Ok, I haven't worked in the public mental health system since 2009. OK I might be misinformed. But I am hearing more and more from colleagues that a reduction in staffing in public hospitals is leading to increased use of major antipsychotic medications to sedate patients, so they require less intensive support and care. Known as 'chemical restraint', this method is being used over safer methods during the acute period a patient may be agitated and require transportation. Now, anybody who has not witnessed first hand how unwell and distressed patients with acute mental illness can be may find this diffiicult to comprehend. But doctors and nurses are duty bound to ensure they keep patients safe from themselves and others until better. The safest way is to use trained staff to calm patients, proivde one on one support and supervision, in a low stimulus environment. The same goes for patients who are agitated and distressed from head trauma or brain infection as well. Hospitals should be able to rely on teams of trained staff to use their expert skills to contain patients, thus minimising the need to use antipsychotic medications to achieve this.
However, the word on the street is because of staff shortages and more acuity in patients, the use of chemical restraint is becoming more routine in situations where patients need to be transported or contained. Chemical restraint is achieved by injecting medications used for illnesses such as schizophrenia.

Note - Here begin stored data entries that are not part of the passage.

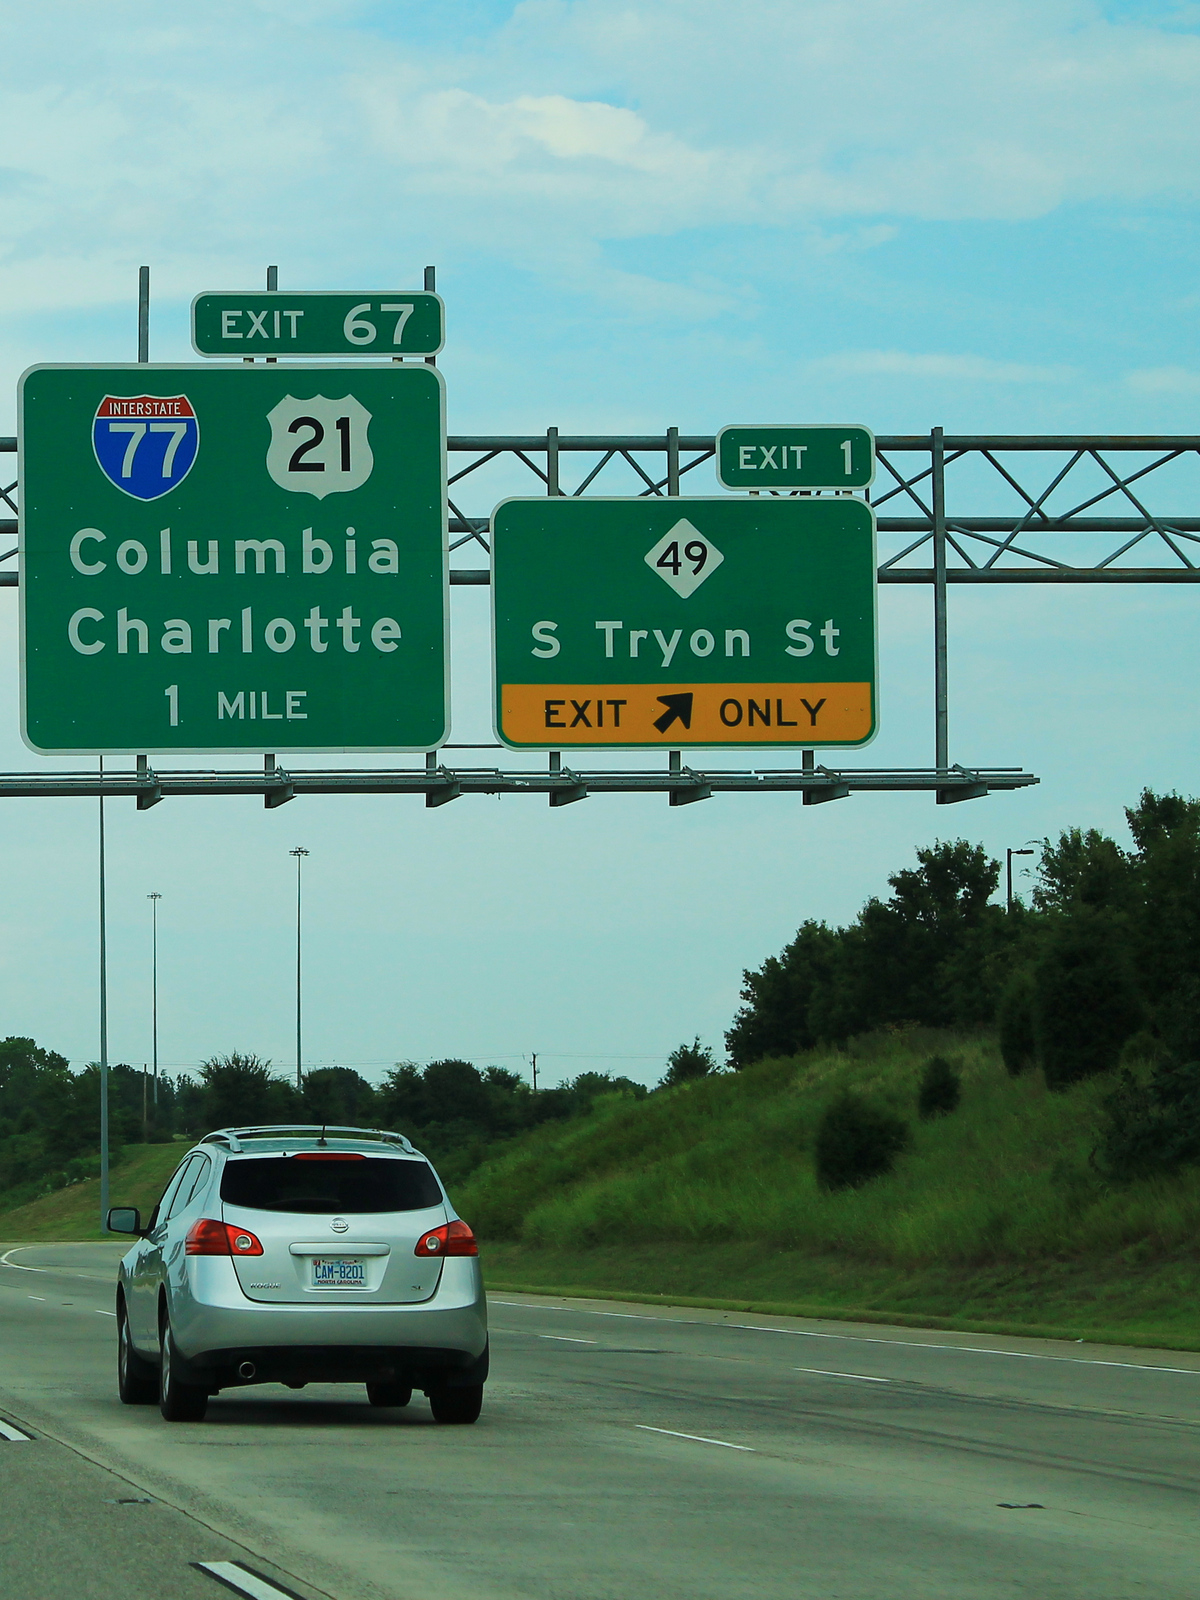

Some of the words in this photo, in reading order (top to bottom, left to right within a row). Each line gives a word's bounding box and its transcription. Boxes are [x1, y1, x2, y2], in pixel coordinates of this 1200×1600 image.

[221, 310, 305, 339] EXIT
[343, 303, 414, 346] 67
[109, 402, 181, 416] INTERSTATE
[108, 422, 188, 478] 77
[287, 416, 351, 473] 21
[739, 445, 808, 470] EXIT
[840, 440, 853, 475] 1
[69, 526, 400, 576] Columbia
[656, 541, 708, 577] 49
[68, 605, 402, 655] Charlotte
[531, 620, 561, 659] S
[595, 620, 750, 668] Tryon
[784, 618, 840, 658] St
[164, 684, 179, 727] 1
[217, 690, 308, 721] MILE
[544, 699, 628, 728] EXIT
[719, 698, 827, 728] ONLY
[315, 1265, 364, 1279] CAM-8201

So, what happens to patients when they are given cumulative doses of major antipsychotic medications? Well, they may experience respiratory depression, ie unable to breathe effectively, and may end up with pneumonia. They may experience severe side effects of potent medications, particulalrly if already on regular doses of medications. And when chemically sedated, they can't alert anybody that they may be experiencing symptoms of this.

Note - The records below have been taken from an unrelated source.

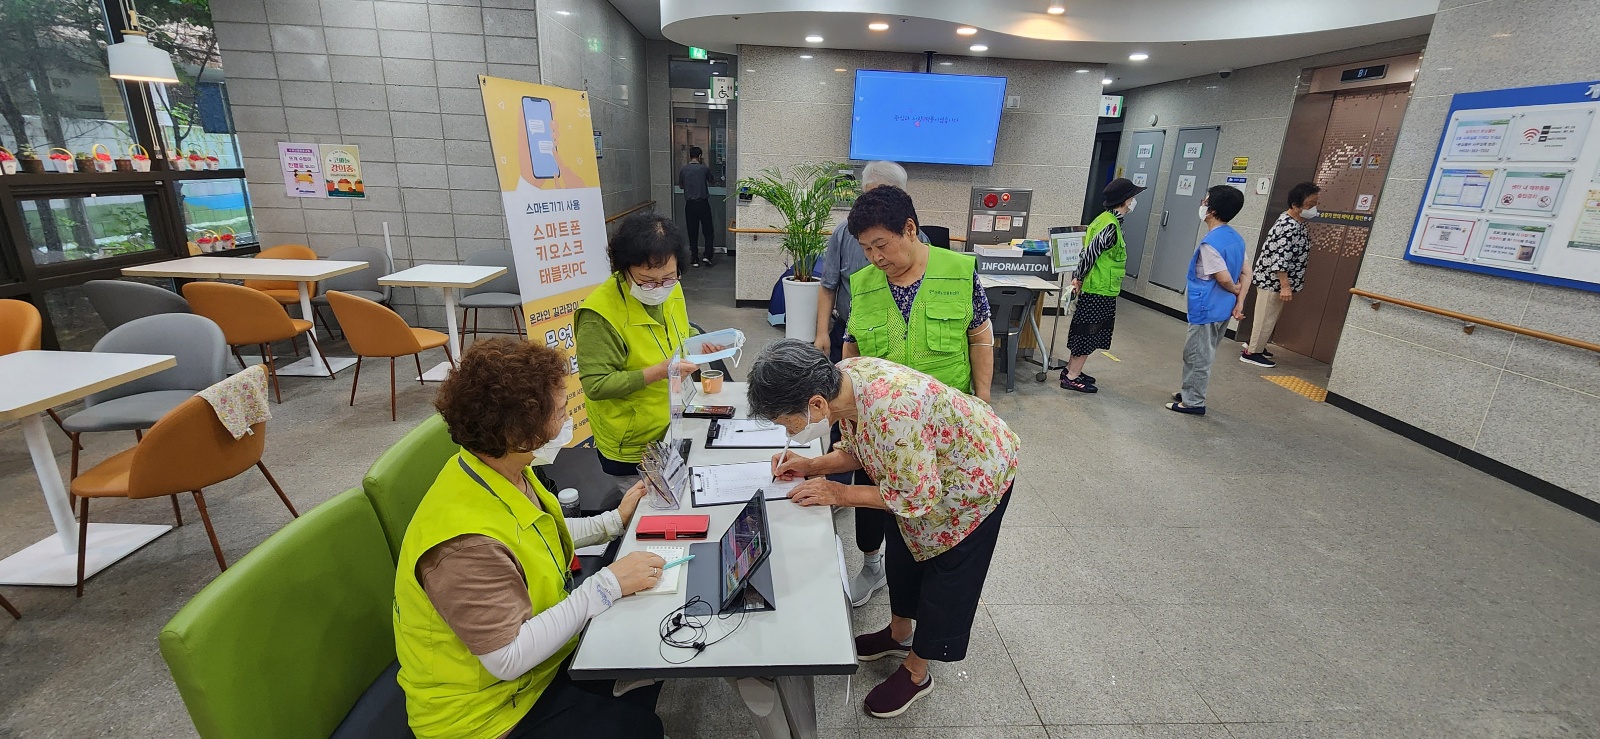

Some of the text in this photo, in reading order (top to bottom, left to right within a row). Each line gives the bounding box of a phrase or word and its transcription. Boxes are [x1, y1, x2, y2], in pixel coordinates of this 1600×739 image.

[526, 199, 581, 215] 스마트기기 사용
[533, 220, 582, 241] 스마트폰
[536, 240, 585, 261] 키오스크
[539, 261, 588, 284] 태블릿PC
[981, 261, 1050, 272] INFORMATION
[529, 301, 579, 325] 온라인 길라잡이

In no way am I blaming the staff who do a superb job working with patients who are very unwell. I am blaming a public health system that looks at dollars, cuts brutally and without consideration, and I feel for the vulnerable patients with acute mental illness that suffer as a result.

Monday 3 February 2014

Fame is not a vaccine for depression

This week has been confronting for most who watch popular or social media. We have woken to the news that celebrity olympian, Ian Thorpe, has declared he is being treated for depression and other conditions, and whether due to depression or not, the world has lost Philip Seymour Hoffman, who, most importantly, was a father of 3 young children. In a society so accustomed to perceive we know people we have never met, to 'follow' and to 'like' complete strangers we seem to be affronted that we are not aware celebrities are in pain or struggling. How many of my patients tell me they would not consider informing friends they are seeing a psychiatrist, let alone reveal they are depressed, anxious and perhaps entertaining suicidal thoughts? If they don't feel comfortable, then how can we expect those in the spotlight can until it is way too late?
Is it living in the spotlight that makes those vulnerable to mental illness fall victim to it? Or is it that they are just like everybody else, with the same chances of developing what are common disorders such as anxiety and depression? And surely, as a society we must remember we don't really know anybody very well, particularly those we like to think we know because we follow them.